Nov 26

Healthy Cooking Substitutions for No-No Foods

Substitutions for No-No FoodsPeople with allergies know how difficult it can be to make healthy dietary choices. Individuals that are lactose intolerant, for example, have a tough time consuming dairy and milk products. However, it is not only due to allergic reactions that people struggle in making dietary choices. Over the years, we have developed a strong love for certain foods that are not entirely beneficial for our overall health. Salt is one of the most common examples of such an ingredient. Too much salt can result in a number of serious diseases overtime, such as hypertension.  

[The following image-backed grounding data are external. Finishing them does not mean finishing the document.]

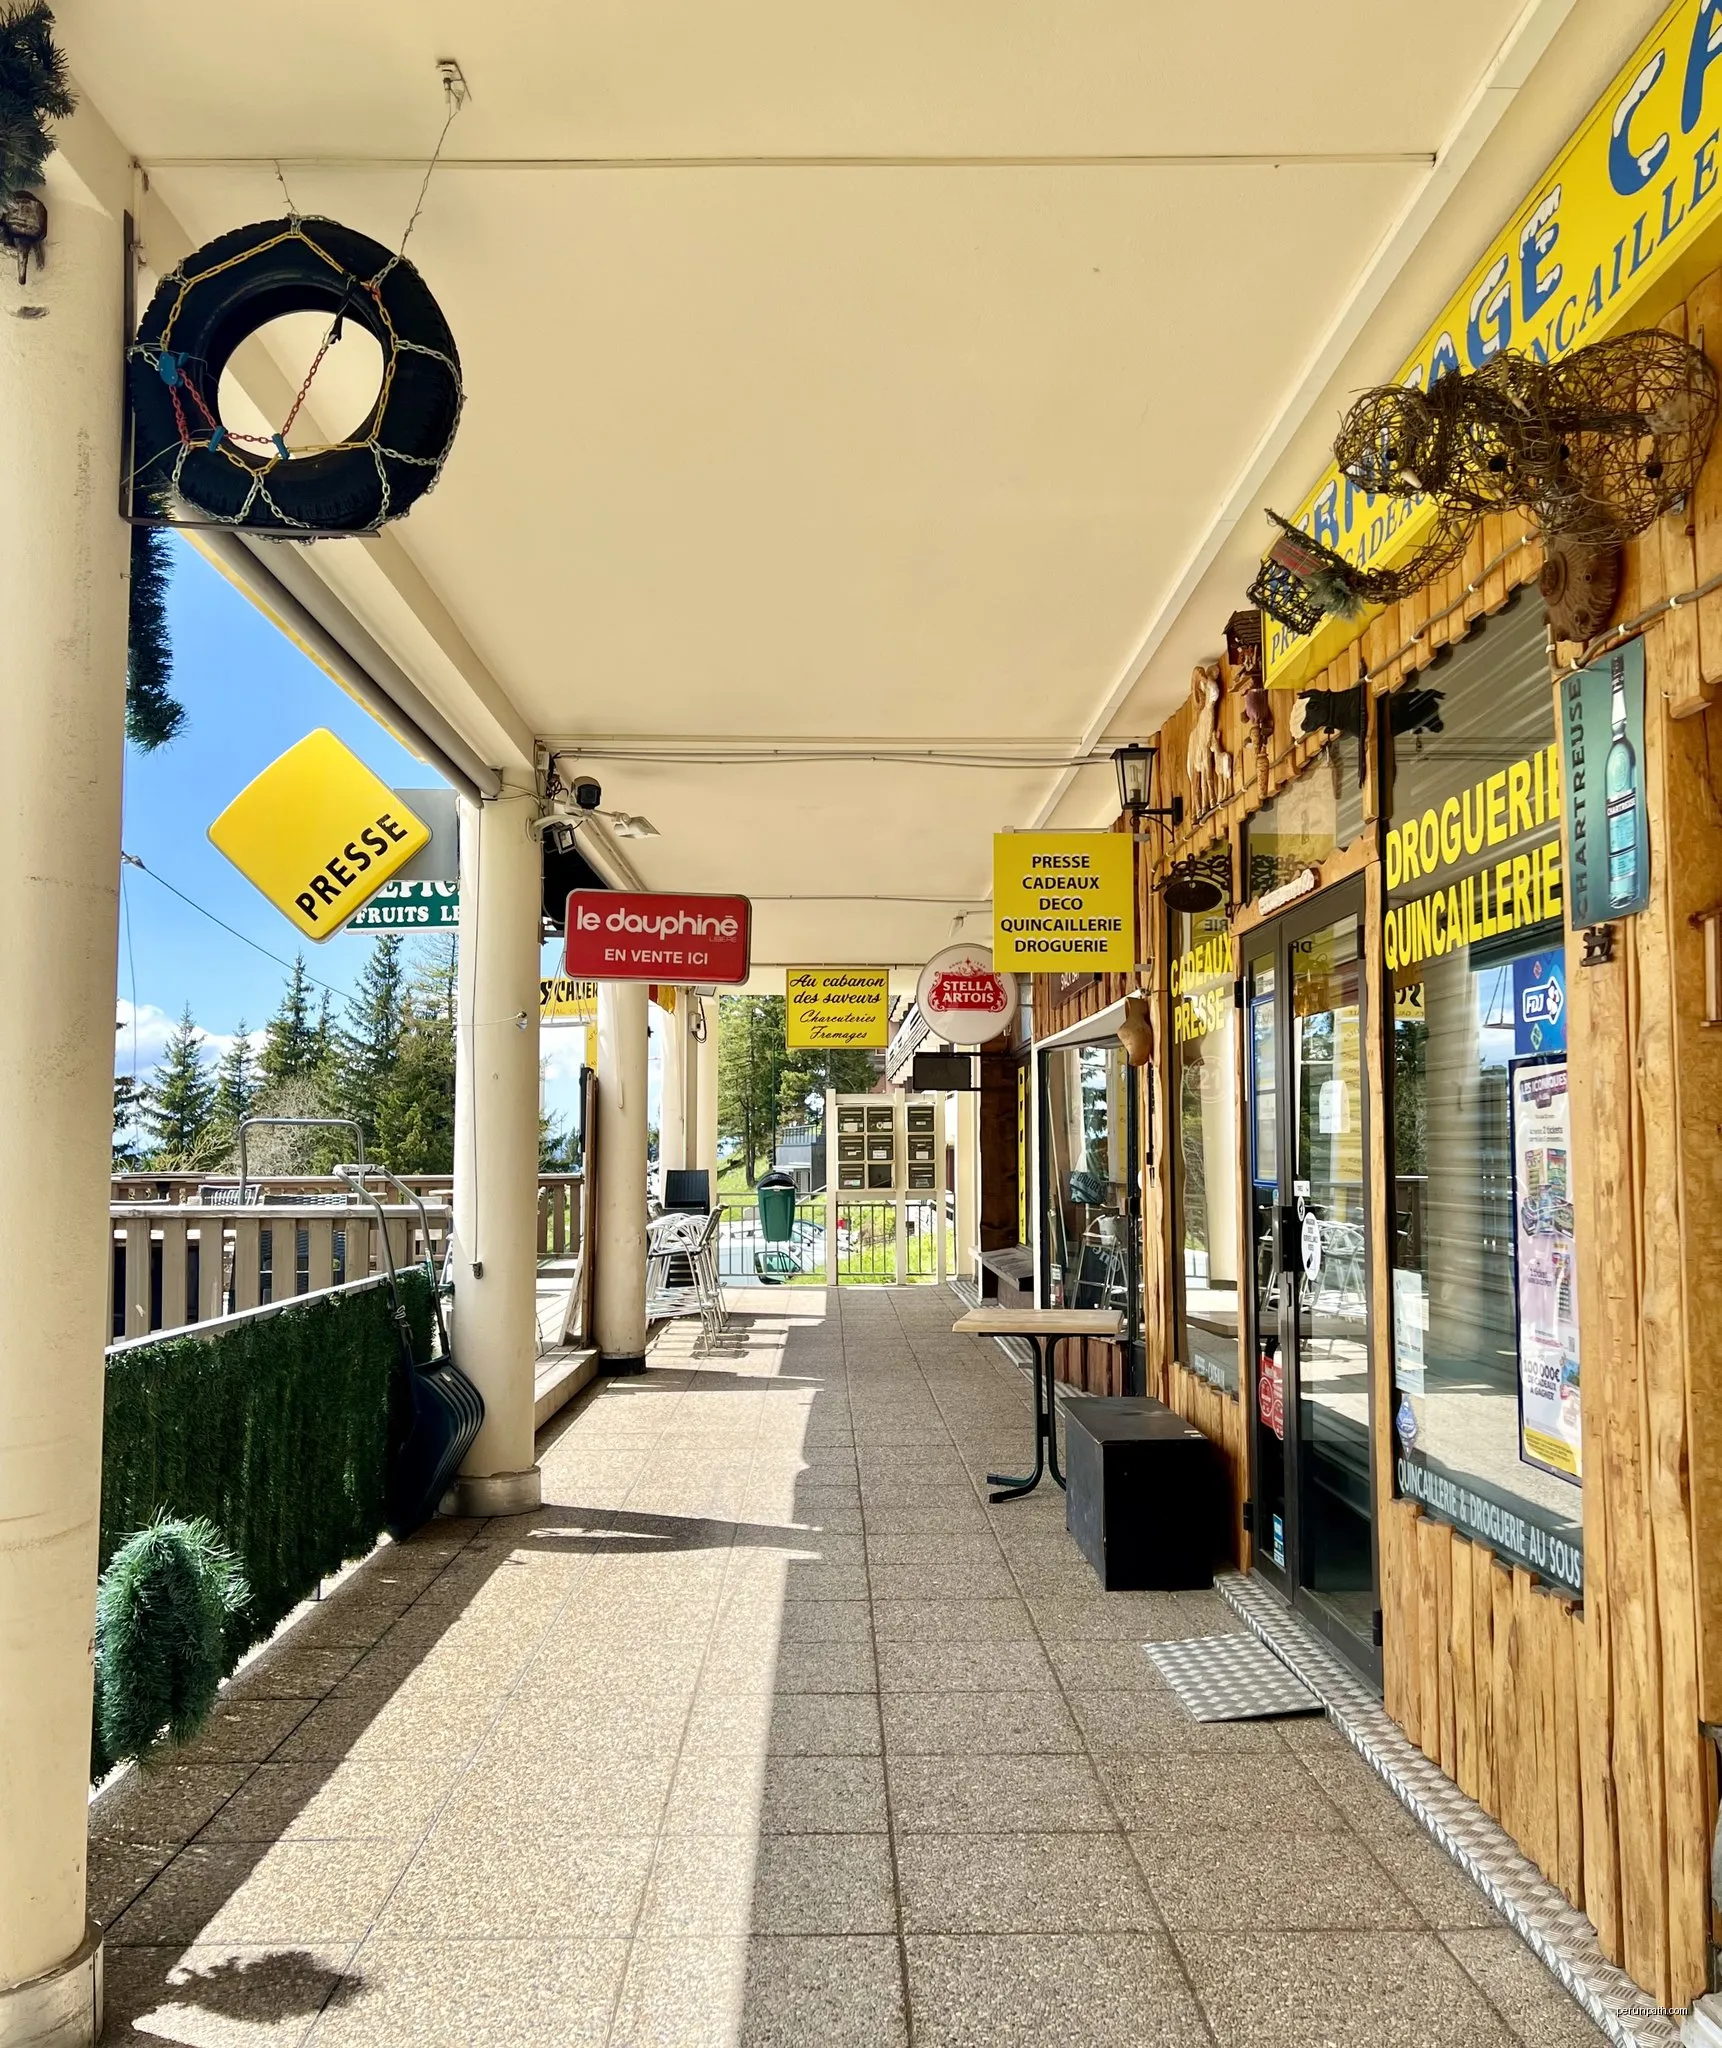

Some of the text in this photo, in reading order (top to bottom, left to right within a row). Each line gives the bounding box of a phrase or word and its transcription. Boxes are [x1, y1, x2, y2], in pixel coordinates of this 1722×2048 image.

[1568, 677, 1589, 921] CHARTREUSE
[1386, 743, 1560, 891] DROGUERIE
[295, 813, 408, 922] PRESSE
[1031, 855, 1090, 869] PRESSE
[1022, 876, 1100, 890] CADEAUX
[1039, 897, 1083, 911] DECO
[1384, 840, 1562, 972] QUINCAILLERIE
[355, 905, 429, 924] FRUITS
[576, 905, 601, 932] le
[1000, 918, 1122, 933] QUINCAILLERIE
[1014, 939, 1108, 953] DROGUERIE
[604, 948, 709, 966] EN VENTE ICI
[1171, 932, 1233, 998] CADEAUX
[789, 973, 886, 988] Au cabanon
[942, 980, 994, 992] STELLA
[793, 990, 882, 1004] des saveurs
[942, 992, 995, 1003] ARTOIS
[1526, 993, 1545, 1015] FDJ
[799, 1009, 877, 1024] Charcuteries
[1174, 986, 1225, 1045] PRESSE
[809, 1025, 868, 1044] Fromages
[1397, 1457, 1581, 1589] QUINCAILLERIE & DROGUERIE AU SOUS
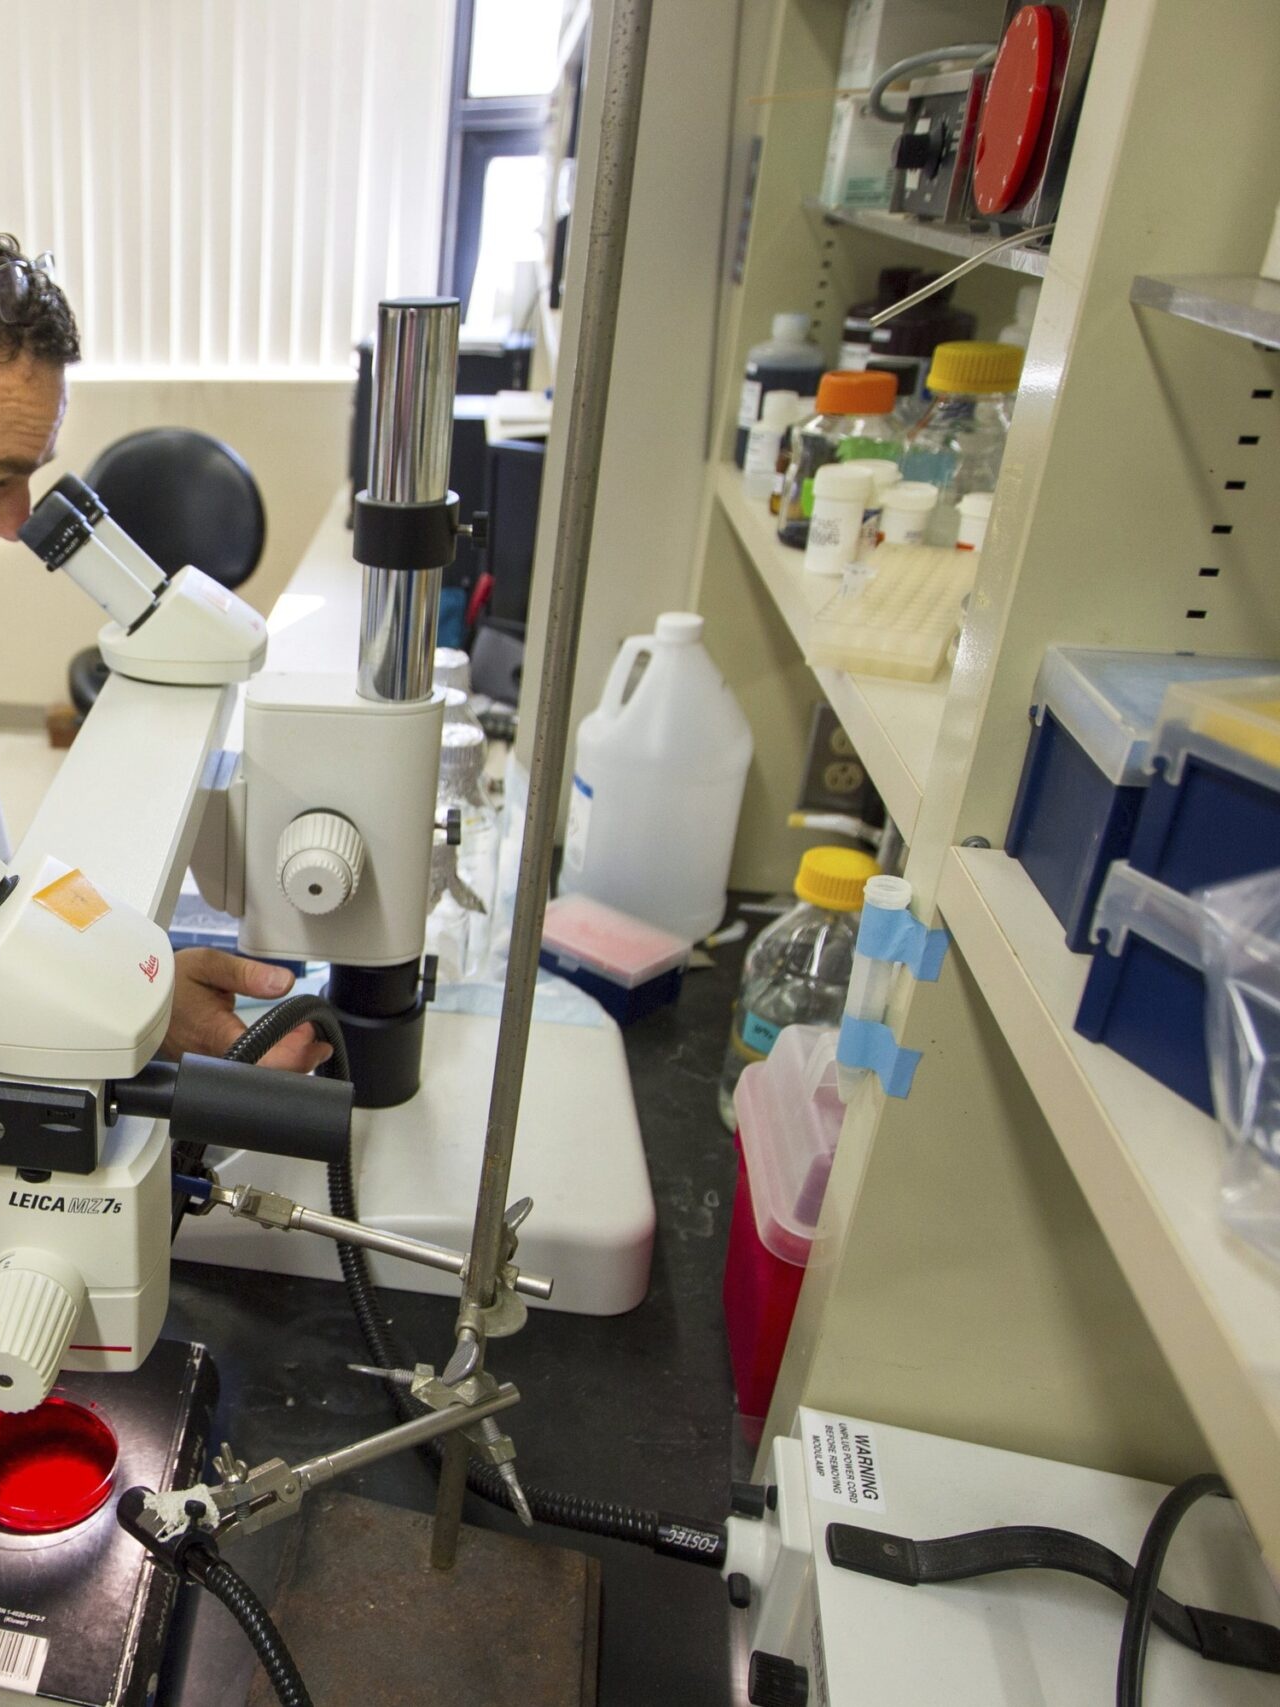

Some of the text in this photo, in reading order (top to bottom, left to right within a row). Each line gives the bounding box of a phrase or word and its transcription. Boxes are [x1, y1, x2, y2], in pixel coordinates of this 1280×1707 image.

[139, 954, 159, 983] Leica
[8, 1191, 65, 1213] LEICA
[812, 1434, 825, 1477] MODULAMP
[825, 1424, 842, 1494] BEFORE REMOVING
[839, 1422, 858, 1504] UNPLUG POWER CORD
[854, 1434, 879, 1501] WARNING
[665, 1529, 719, 1553] FOSTEC
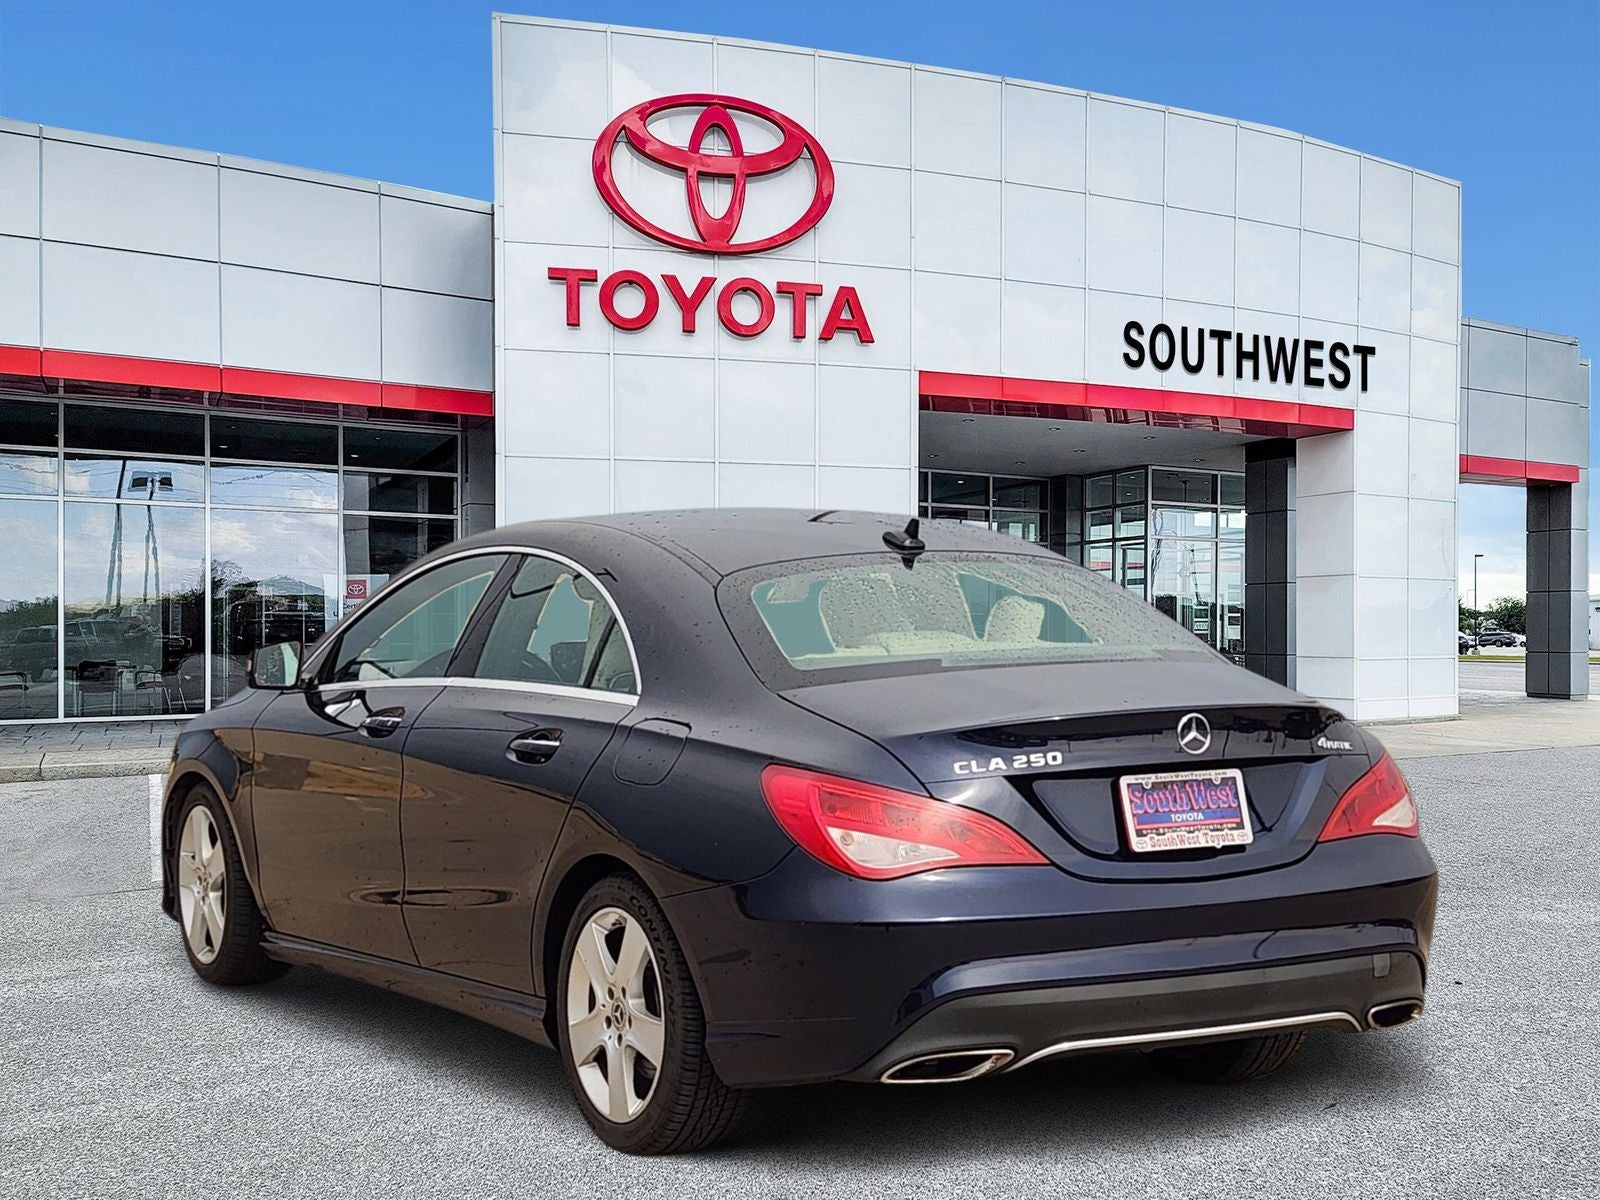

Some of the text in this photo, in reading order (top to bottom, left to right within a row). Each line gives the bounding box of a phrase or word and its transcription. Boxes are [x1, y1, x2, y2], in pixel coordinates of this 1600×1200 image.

So, how does one find healthy cooking substitutions to all these foods? Here is a list of some of the common no-no foods for which you must switch to a substitute.

  1. Milk

Milk is used in a wide variety of ways and some of the most delicious desserts have milk as the main ingredient. This is why the quest for milk substitutes has given everyone access to some great replacements. These include Soy Milk, Almond Milk, Oat Milk, Rice Milk, Cashew Milk, Coconut Milk, Hemp Milk, and Flaxseed Milk. The nutritional snapshot of all these different options is not the same, however, the amount of fat found in cow’s milk is considered to be the greatest. 

  1. Butter

Substitutes for butter are generally made up of coconut or vegetable oils. There is also nut butter that is richer in protein and has a greater amount of carbs in their nutritional content. Substitutes made out of vegetable oils are able to mimic butter very well and have a close nutritional profile. 

  1. Salt

The salt content in what we eat is hard to believe. What most of us do not realize is that this single ingredient has the capability to increase our risk of suffering major diseases, such as hypertension. Luckily, the substitutes for salt are easy to find. All you have to do is switch to spices and herbs or sprinkle some citrus juice to get that extra kick. Garlic and onion are also considered to have the same effect as that of salt.

  1. Yogurt

You can eat yogurt is in a number of ways and can be added to any meal of the day. However, for people that experience a hard time digesting dairy products, some substitutes of yogurt are also rich in protein. These substitutes include Yogurt made out of Almond Milk, Coconut Milk, or Soy Milk. Moreover, Hemp Yogurt is also a substitute that is equally rich in protein content and offers fiber as well. 

  1. Cheese

While soft cheese is easy replicated by its substitutes, hard cheese is much more challenging. For soft cheese, elements such as macadamia nuts, almonds, and cashews can be used. However, if you want the same texture, you could add tofu to your replacement of cheese. In case of hard cheese substitutes, the base can be made form a number of different elements such as soy protein, vegetable oils, or nuts. Nutritional yeast is another common substitute that is commonly referred to as a parmesan-like ingredient.